**SUPPLIED ENTRIES**
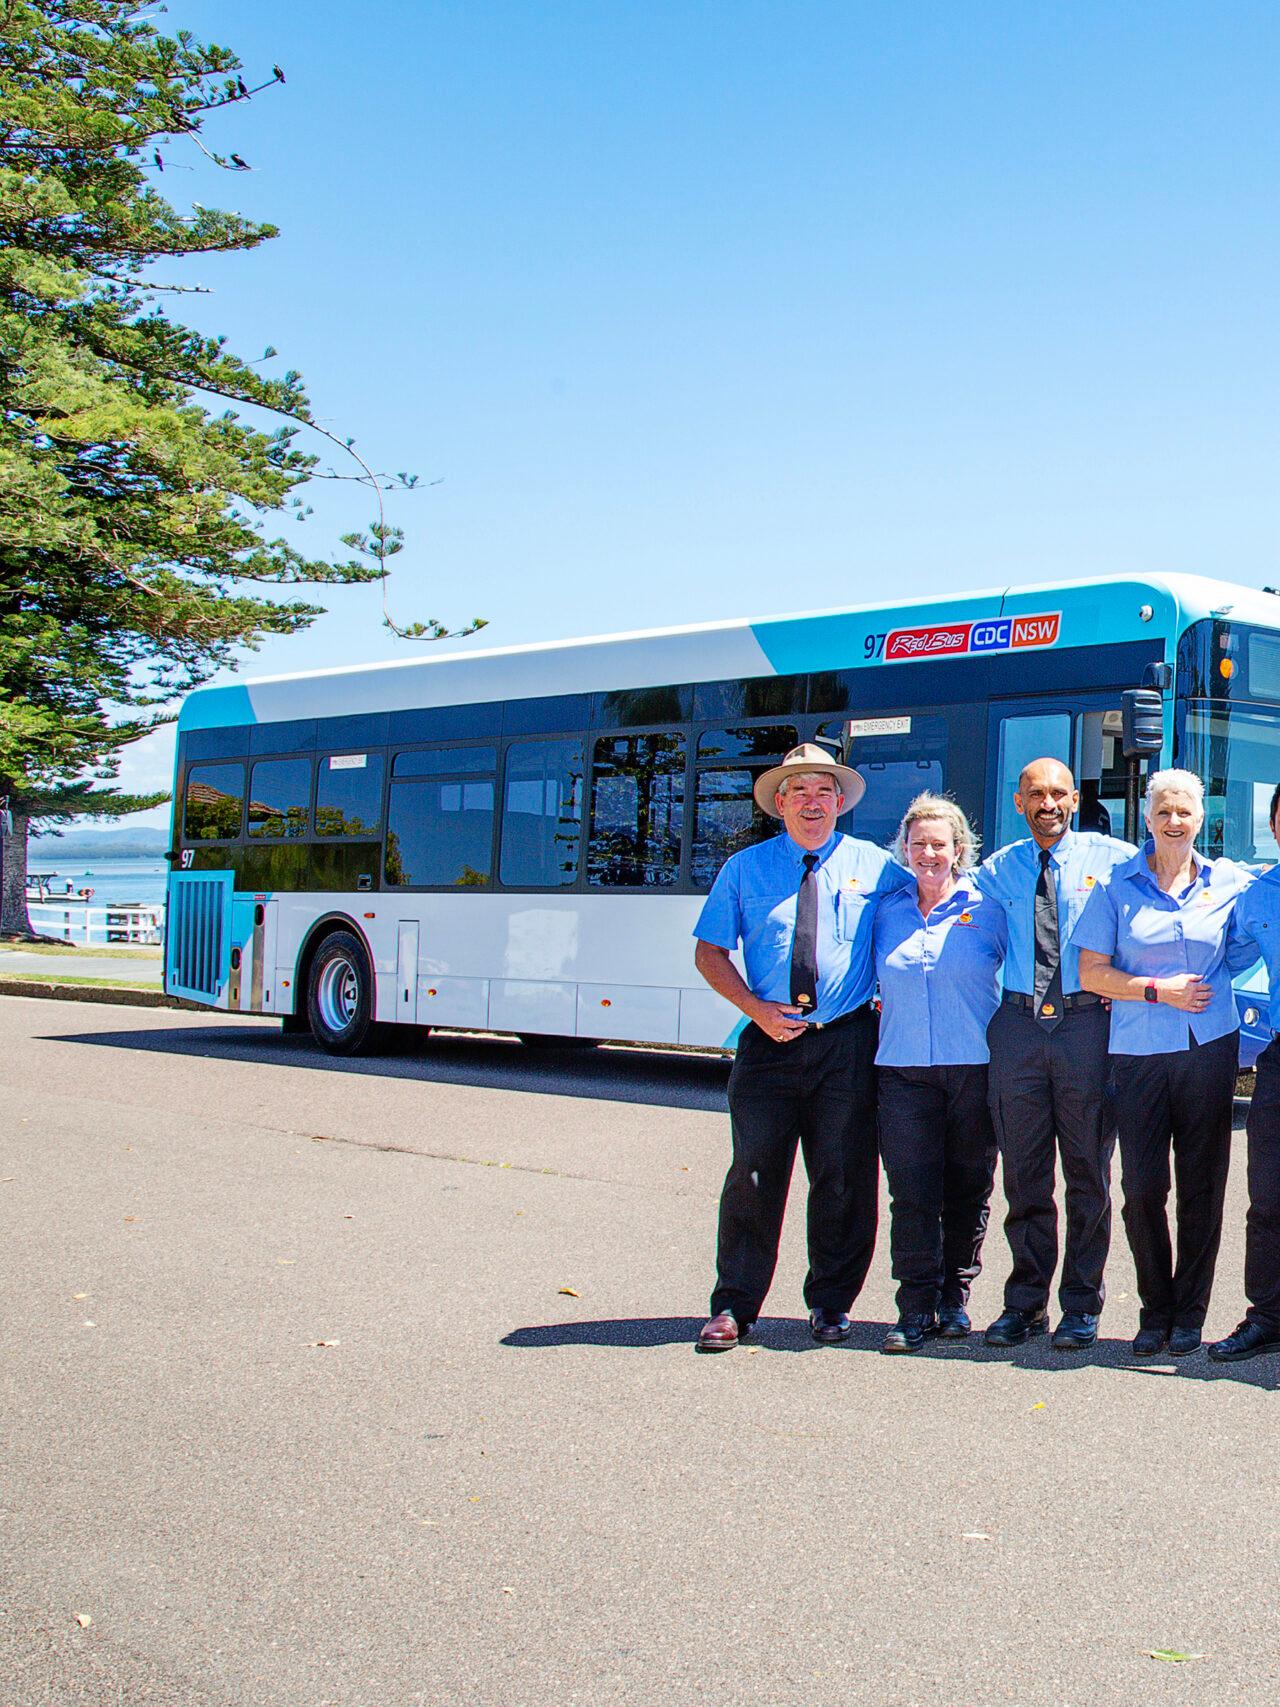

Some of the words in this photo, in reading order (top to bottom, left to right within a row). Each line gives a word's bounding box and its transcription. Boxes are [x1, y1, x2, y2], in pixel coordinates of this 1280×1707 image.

[974, 625, 1008, 646] CDC
[1015, 620, 1056, 642] NSW
[864, 634, 887, 659] 97
[863, 720, 896, 732] EMERGENCY
[181, 849, 196, 869] 97

**INSTRUCTIONS TO FOLLOW**
Copy everything in the listing above exactly except the pictures.

**WRITTEN SOLUTION**
Some of the words in this photo, in reading order (top to bottom, left to right within a row). Each line gives a word's bounding box and its transcription. Boxes are [x1, y1, x2, y2], in pixel coordinates of this 1280×1707 image.

[974, 625, 1008, 646] CDC
[1015, 620, 1056, 642] NSW
[864, 634, 887, 659] 97
[863, 720, 896, 732] EMERGENCY
[181, 849, 196, 869] 97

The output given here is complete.